Commence à la rue Saint-Denis, nos 3 et 5 ; finit à la place des Trois-Maries, no 6, et à la rue de la Monnaie, no 2. Le dernier impair est 93 ; le dernier pair, 90. Sa longueur est de 341 m. — 4e arrondissement, quartier du Louvre.

Un diplôme de Louis-le-Débonnaire, de l’an 820, fait mention d’un chemin qui conduisait du Grand-Pont (aujourd’hui le pont au Change) à l’église Saint-Germain ; c’est sur ce chemin que cette rue fut construite. Le poète Guillot l’appelle en 1300 rue Saint-Germain à Courroiers, en raison des corroyeurs que le voisinage de la rivière avait attirés en cet endroit.
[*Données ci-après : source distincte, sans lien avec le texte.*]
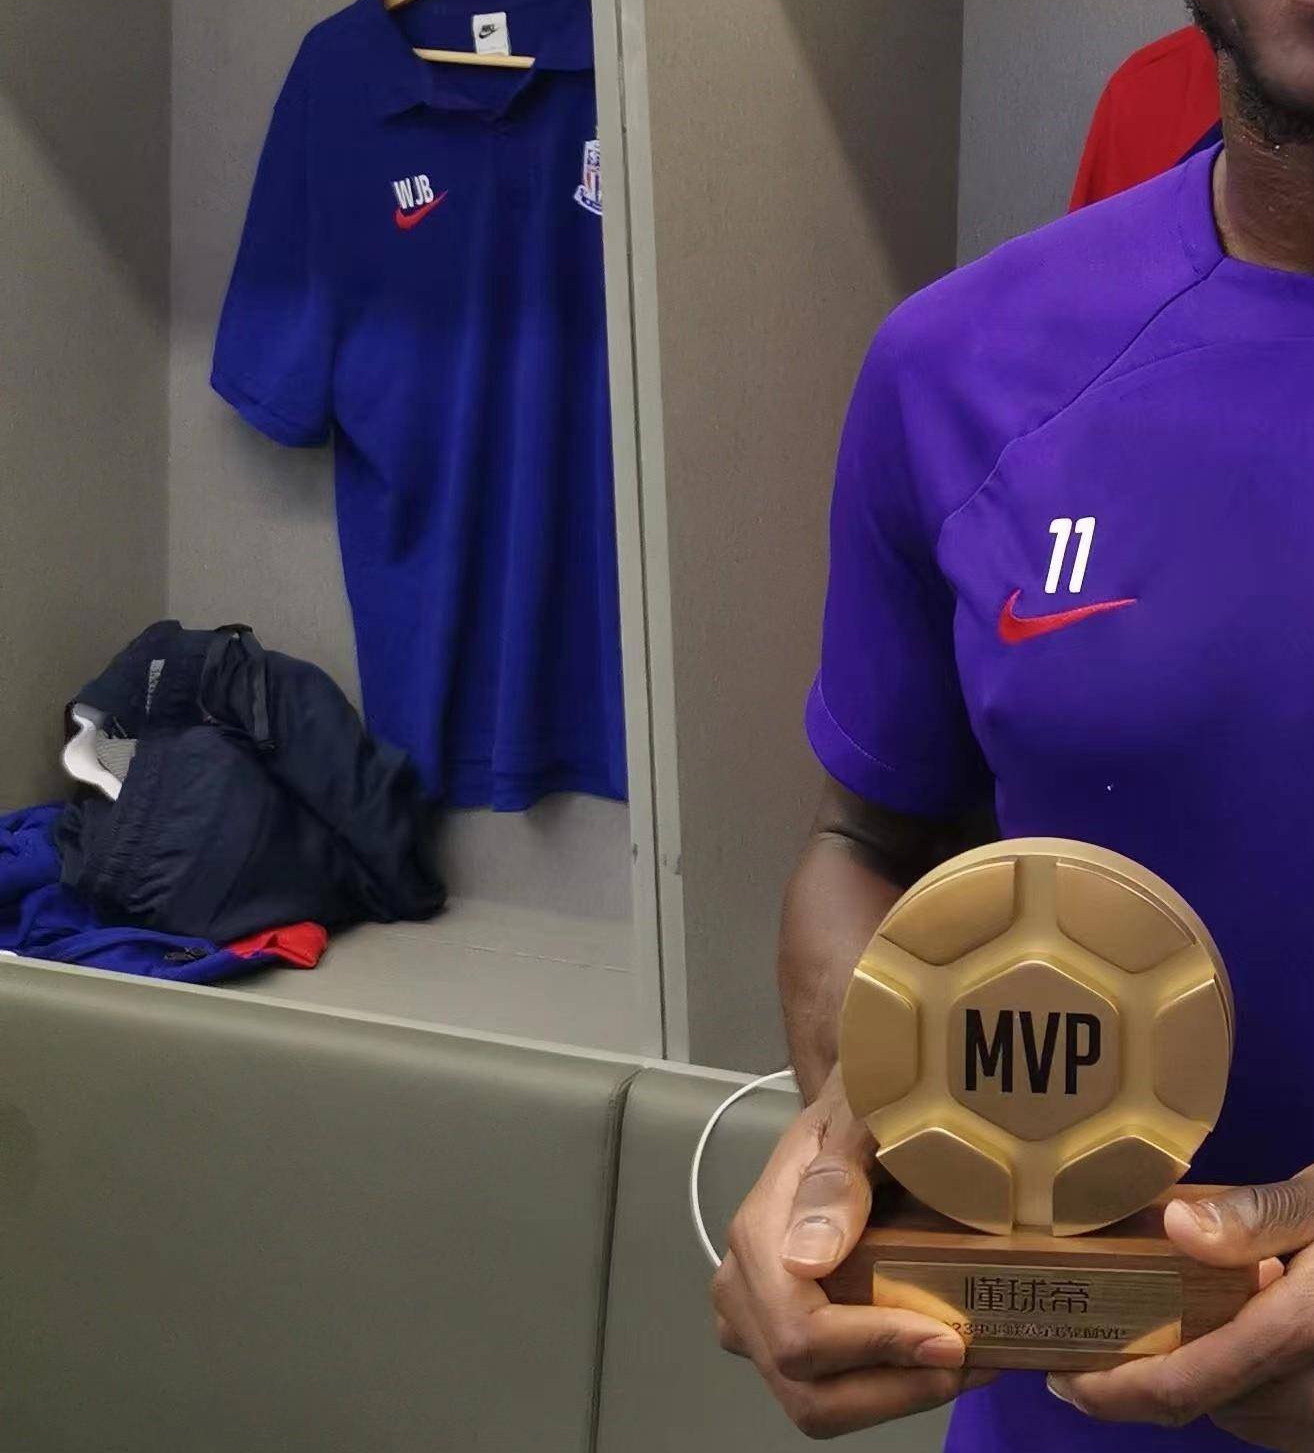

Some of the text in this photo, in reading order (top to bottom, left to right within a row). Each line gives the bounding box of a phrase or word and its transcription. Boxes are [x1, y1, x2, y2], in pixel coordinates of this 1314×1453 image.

On la trouve également indiquée sous les noms de rue Saint-Germain, de Grand’rue Saint-Germain, auxquels on ajouta vers 1450 le surnom de l’Auxerrois. La partie qui débouche dans la rue Saint-Denis s’appelait en 1262, selon Jaillot, rue Jean-de-Fontenay. — Une décision ministérielle en date du 15 floréal an V, signée Benezech, fixa la largeur de la rue Saint-Germain-l’Auxerrois à 8 m. Une ordonnance royale du 16 mai 1836 a porté la moindre largeur de cette voie publique à 10 m. Les maisons nos 37, 39, 41, 43 et le terrain no 52 sont alignés ; celles nos 64, 66 et 90 ne devront subir qu’un faible retranchement. Toutes les autres constructions sont soumises à un fort reculement. — Portions d’égout. — Conduite d’eau. — Éclairage au gaz (compe Anglaise).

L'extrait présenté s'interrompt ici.